The only uncomplicated words that describe my ongoing frustration with modern dating is “lack of effort.” Sounds clinical—I don’t really have a way to spice that up into something hip and snazzy. But I always hear friends of all genders complaining about how little effort their partners put into their relationships, whether they’ve been together for two years or two months. Sometimes, the partner is to blame—maybe they aren’t ready for commitment, are looking for something else, or are just generally clueless. But a lot of the issues with modern dating come from the fact that it is entirely low-effort.

I’ve never been someone who needs flowers every day or a fancy dinner or some sort of wild surprise in a relationship. While those things are appreciated, they’re just things. Relationships are grounded in emotional connection, a connection that oftentimes has to be worked for. Oftentimes, we’re looking for something quick and easy—like scrolling or swiping back and forth. That’s not to say that a relationship should be hard, but getting to know somebody—to love somebody—doesn’t happen overnight. It isn’t like instantly downloading a PDF or finding a Quizlet that magically has all the test answers. Relationships require time and dedication, and it doesn’t seem like very many people in the modern dating scene want to provide those crucial components. 

Low-effort dating means a lack of communication—you spend most of your time watching Netflix on the couch than you do talking, or—after five months of “dating”—still don’t know whether you’re in a real relationship or if you’re just “talking.” Low-effort dating means ghosting someone that you met maybe once or twice instead of telling them you’re no longer interested and why. It means having DMs full of “backups” if tonight’s date doesn’t go as planned, or—as seen in a very real case with one of my old roommates—wanting a “boo for the holidays” with no real plans to continue the relationship afterward. Low-effort dating sucks, and it encourages people to put as little as they possibly can into something that naturally asks for so much. 

So what do you do if you’re stuck in this limbo or have had bad experiences yourself? Unfortunately, the best advice I have is to be the change you want to see. If you want a more intimate, passionate connection with your partner or your future partner, here are some tips to survive the modern dating scene: 

1. Show up. Hate to break it to you, but a ten-minute phone call every night—even if it is every night—and some texting throughout the day don’t make up for being there in person—especially if you’re able to be. Long-distance couples have a pass on this one, but those who are able to see their partners need to make the effort to see them. It won’t always be convenient, but what is? 

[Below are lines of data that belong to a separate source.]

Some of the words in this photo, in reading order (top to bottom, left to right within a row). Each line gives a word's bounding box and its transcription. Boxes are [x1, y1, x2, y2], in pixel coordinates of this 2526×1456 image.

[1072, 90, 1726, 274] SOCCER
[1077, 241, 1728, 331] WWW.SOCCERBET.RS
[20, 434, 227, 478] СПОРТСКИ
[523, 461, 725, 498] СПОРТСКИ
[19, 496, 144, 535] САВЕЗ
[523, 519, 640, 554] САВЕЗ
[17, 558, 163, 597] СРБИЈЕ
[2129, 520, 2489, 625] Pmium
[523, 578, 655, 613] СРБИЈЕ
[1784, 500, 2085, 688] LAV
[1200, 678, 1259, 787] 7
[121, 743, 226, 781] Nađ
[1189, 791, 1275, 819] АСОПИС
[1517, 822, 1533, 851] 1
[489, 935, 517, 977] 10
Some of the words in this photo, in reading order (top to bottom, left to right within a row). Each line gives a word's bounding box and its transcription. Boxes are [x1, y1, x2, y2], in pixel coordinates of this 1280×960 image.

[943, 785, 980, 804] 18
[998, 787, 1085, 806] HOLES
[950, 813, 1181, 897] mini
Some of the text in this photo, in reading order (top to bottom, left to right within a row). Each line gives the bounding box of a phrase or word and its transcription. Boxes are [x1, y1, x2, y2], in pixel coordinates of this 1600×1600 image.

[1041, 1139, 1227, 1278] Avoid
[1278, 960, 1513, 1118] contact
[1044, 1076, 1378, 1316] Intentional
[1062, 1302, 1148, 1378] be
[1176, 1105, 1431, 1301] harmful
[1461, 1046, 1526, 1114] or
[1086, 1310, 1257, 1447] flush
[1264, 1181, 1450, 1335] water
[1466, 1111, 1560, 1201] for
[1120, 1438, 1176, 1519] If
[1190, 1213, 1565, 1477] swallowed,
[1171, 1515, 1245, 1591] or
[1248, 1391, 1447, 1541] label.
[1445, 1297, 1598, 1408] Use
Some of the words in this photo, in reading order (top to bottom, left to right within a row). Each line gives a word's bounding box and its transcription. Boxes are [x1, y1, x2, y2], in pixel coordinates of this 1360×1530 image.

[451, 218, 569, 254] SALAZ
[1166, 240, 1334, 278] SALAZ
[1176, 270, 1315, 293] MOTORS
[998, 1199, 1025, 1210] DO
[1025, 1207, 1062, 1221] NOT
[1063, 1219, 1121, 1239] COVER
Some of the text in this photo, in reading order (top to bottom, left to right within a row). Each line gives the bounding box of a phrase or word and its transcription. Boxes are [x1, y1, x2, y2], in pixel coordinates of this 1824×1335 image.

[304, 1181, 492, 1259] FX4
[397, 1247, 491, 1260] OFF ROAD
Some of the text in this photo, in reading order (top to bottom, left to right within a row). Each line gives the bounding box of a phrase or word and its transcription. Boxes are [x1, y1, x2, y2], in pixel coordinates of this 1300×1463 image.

2. Actually talk to people. And I’m not talking about DMing that hot guy you added on Instagram last week. It might have taken that guy a lot of courage to ask my friend for her Snapchat info at the bar, but it would have taken more courage (and been more impressive) if he had asked for permission to sit down and talk to her. Texting and meme-sharing are all in good fun, but (again) it doesn’t replace face-to-face interaction. 

3. Don’t play mind games. Let the person you’re seeing know exactly what you’re looking for—especially if you’re wanting something long-term. Distancing yourself from people who are always changing what they want—especially if the rules to a relationship only apply to you instead of both of you. 

Whether you’re new to this new world of dating or have been traversing it for a while now, it can get pretty brutal out there. Even when we get flustered by the pace of modern dating or the pressure society places on us to be in a relationship at all, it’s most important to be genuine and be yourself. It might seem hopeless at times; we all have some sort of online dating horror story that’s as disheartening as it is funny. But there’s someone out there for everyone. Don’t be afraid to take the time to get to them.